9. The method according to claim 8, wherein a vertical re-sampling filter applied for all values other than 0 for the least significant F digits of the vertical sub-sample position derived x is a response filter. of finite impulse with four filter cap values of non-zero.

10. The method according to claim 3, wherein up sampling is performed by using one or more Mitchell-Netravalli resampling filters.

11. The method according to claim 3, wherein up sampling is performed by using one or more Catmull-Rom resampling filters.

12. The method according to claim 3, wherein at least one of the vertical or horizontal values of F, C, D, or S differs based at least partly on whether the sample value is a sample value of chroma or a sample value of luma.

13. - The method according to claim 3, wherein a form that is mathematically equivalent in result to the formula x = (i * C + D) > > S comprises an implementation of the formula x = ((i * C + D) > S) + E, where E is an equivalent.

14. The method according to claim 3, wherein up sampling is performed using one or more resampling filters having filter cover values controlled by bandwidth control parameters.
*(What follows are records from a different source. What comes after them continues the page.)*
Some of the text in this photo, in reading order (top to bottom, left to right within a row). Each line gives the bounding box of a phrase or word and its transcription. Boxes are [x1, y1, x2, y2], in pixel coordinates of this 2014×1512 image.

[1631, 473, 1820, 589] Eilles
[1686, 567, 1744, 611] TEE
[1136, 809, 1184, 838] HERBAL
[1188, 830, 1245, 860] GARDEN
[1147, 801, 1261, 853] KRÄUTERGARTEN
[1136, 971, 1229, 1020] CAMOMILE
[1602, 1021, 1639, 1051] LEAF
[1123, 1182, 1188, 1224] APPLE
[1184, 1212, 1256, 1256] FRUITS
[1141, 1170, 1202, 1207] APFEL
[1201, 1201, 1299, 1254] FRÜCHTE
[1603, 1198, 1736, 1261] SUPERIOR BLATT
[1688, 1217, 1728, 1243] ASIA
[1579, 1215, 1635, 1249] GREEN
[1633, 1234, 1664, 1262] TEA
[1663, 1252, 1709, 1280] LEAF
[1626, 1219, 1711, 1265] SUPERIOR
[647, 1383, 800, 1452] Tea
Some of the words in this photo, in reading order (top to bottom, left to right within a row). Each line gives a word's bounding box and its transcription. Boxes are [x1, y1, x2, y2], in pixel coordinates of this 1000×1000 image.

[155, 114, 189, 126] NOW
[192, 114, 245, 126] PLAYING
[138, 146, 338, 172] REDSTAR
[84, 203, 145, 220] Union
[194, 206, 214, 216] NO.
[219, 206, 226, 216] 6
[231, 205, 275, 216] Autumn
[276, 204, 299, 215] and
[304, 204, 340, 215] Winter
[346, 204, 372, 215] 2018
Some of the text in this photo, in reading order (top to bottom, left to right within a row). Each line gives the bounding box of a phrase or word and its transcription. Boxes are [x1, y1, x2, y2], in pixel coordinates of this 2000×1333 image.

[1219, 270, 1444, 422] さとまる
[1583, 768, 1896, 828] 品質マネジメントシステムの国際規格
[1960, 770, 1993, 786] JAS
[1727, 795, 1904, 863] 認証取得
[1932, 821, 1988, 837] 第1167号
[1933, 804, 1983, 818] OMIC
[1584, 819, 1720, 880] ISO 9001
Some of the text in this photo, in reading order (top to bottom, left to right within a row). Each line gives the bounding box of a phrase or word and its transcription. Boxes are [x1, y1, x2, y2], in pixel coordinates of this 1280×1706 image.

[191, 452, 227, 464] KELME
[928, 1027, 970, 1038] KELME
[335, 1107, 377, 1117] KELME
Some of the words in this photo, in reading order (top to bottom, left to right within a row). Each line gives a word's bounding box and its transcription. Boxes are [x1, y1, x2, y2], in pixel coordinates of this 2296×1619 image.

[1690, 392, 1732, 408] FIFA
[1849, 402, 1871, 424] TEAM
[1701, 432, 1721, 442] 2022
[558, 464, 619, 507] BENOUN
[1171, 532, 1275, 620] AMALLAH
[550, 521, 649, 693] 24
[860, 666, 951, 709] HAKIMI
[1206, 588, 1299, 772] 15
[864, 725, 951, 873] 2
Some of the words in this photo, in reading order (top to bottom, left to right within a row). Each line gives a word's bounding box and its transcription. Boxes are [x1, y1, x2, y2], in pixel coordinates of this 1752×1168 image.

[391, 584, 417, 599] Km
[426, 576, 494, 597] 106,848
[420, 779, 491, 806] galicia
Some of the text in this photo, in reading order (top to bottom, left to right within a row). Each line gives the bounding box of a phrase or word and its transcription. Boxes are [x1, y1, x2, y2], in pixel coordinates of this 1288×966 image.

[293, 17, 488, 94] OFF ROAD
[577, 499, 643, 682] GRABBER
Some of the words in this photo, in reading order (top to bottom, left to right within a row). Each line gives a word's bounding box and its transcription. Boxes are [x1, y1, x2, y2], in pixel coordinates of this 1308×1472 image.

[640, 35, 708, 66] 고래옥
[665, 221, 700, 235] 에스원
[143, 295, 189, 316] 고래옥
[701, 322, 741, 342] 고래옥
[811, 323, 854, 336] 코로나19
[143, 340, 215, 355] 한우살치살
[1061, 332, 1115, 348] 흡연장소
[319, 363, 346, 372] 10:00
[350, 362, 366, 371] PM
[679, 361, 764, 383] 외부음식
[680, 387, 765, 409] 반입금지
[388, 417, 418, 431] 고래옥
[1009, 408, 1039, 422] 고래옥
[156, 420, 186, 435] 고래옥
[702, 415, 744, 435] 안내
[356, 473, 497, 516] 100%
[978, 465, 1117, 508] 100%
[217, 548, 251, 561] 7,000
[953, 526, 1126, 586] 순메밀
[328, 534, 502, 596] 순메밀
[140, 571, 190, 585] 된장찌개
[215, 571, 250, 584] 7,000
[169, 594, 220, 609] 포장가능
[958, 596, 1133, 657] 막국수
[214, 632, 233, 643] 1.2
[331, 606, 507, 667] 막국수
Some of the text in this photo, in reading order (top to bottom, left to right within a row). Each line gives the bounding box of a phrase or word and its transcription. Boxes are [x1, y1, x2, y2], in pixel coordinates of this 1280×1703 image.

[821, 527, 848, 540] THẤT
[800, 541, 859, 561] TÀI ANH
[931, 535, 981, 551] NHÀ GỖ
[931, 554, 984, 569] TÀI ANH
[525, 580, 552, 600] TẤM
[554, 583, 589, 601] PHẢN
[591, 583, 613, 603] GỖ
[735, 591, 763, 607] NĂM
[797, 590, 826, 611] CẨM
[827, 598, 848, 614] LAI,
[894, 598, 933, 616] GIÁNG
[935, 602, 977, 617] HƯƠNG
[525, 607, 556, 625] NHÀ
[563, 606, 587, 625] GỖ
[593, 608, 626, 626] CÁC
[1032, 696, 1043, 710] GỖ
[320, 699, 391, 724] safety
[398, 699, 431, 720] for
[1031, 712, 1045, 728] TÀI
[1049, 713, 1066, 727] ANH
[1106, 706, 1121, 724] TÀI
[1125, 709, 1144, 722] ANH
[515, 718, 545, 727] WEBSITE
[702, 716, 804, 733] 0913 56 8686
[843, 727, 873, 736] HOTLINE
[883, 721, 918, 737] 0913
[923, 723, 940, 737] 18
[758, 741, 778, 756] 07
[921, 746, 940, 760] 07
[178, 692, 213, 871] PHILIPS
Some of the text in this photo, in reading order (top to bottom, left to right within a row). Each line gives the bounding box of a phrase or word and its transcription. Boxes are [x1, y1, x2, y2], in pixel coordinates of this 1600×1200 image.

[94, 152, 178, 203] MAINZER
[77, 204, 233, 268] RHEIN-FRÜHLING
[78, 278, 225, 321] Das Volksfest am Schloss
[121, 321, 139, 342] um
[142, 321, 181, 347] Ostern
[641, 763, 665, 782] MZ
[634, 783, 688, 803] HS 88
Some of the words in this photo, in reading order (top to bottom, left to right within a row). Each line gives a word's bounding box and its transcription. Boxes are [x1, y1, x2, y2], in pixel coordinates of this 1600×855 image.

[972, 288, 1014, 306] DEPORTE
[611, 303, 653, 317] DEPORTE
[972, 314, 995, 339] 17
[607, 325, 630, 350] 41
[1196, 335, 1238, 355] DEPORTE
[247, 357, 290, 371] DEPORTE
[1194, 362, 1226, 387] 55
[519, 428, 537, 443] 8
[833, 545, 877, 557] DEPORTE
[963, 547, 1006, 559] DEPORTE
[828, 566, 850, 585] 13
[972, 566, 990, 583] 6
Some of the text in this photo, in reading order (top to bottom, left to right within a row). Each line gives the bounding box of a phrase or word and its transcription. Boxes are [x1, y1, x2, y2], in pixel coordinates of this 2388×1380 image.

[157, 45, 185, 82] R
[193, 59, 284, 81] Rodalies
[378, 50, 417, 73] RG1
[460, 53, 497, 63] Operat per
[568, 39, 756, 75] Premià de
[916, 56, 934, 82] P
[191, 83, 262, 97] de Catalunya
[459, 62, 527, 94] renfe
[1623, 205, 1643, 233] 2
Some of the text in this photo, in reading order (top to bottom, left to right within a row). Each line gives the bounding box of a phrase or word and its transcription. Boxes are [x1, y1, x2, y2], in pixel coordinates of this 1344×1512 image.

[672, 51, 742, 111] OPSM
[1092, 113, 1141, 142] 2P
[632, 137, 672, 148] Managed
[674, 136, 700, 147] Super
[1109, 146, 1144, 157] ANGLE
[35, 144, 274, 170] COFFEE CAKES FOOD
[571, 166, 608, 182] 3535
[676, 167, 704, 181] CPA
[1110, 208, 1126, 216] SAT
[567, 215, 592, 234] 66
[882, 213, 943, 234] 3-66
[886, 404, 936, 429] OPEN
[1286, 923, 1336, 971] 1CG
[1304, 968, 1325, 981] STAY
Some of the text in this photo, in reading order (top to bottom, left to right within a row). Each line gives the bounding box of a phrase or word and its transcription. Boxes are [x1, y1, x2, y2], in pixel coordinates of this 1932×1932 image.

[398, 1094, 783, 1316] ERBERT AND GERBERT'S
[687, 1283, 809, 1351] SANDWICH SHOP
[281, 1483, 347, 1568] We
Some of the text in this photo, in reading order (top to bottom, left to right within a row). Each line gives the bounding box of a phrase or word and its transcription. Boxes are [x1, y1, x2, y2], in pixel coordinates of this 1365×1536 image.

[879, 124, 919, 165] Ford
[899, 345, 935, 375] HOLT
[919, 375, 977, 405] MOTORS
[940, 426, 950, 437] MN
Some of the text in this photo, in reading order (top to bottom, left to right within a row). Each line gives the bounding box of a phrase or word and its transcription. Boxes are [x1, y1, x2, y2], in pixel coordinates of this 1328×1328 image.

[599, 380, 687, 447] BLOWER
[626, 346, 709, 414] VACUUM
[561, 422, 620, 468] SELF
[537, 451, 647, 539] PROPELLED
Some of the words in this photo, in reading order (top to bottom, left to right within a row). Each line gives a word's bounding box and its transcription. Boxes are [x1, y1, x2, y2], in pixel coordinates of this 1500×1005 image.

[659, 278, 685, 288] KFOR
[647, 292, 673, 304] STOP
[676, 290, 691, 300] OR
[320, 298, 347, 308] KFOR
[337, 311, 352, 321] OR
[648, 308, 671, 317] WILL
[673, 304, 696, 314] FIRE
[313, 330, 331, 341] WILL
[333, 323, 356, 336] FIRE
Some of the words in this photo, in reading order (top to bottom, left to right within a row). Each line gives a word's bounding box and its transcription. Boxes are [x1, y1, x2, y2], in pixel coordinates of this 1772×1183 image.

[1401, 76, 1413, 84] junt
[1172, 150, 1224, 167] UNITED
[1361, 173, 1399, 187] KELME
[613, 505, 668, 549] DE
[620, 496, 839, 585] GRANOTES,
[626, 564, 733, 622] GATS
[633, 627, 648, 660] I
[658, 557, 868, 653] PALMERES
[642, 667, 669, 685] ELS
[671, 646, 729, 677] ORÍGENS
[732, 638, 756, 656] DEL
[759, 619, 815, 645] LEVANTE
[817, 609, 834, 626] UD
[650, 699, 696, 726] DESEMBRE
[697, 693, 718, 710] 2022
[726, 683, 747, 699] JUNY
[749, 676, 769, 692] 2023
15. The method according to claim 3, wherein the up sampling is performed in a spatially scalable video decoding process in layers.

16. The method according to claim 3, wherein upward sampling is performed in a spatially scalable video coding method.

17. The method according to claim 3, wherein the show up is performed to re-sample reference image.

18. The method according to claim 3, wherein the value of F is equal to 4 and the value of S is equal to 12.

19. The method according to claim 3, wherein the approximate comprises rounding .

20. The method according to claim 3, wherein the inverse is an approximate inverse.

21. The method according to claim 3, wherein at least one of the integer values F, C, D, and S are different from the horizontal computation that for the vertical calculation.

22. A method comprising: sampling upwards a video image according to an upward sampling scale factor, where upward sampling comprises calculation of a sample value interpolated in horizontal position i and in position vertical j in an order sampled upwards, and where the calculation comprises: calculating a horizontal sub-sample position derived x in a mathematically equivalent way as a result to the formula x = ((2J * i + Q) * C + D ) > > S, where C is derived by approximating a value equivalent to 2S + F multiplied by an inverse of the sampling scale factor above, and where F, C, D, S, J and Q are integer values; calculate a derivative vertical sub-sample position and, in a form that is mathematically equivalent in result to the formula y = ((2J * i + Q) * C + D) > > S; and interpolating a sample value in the sub-sample position derived x, y.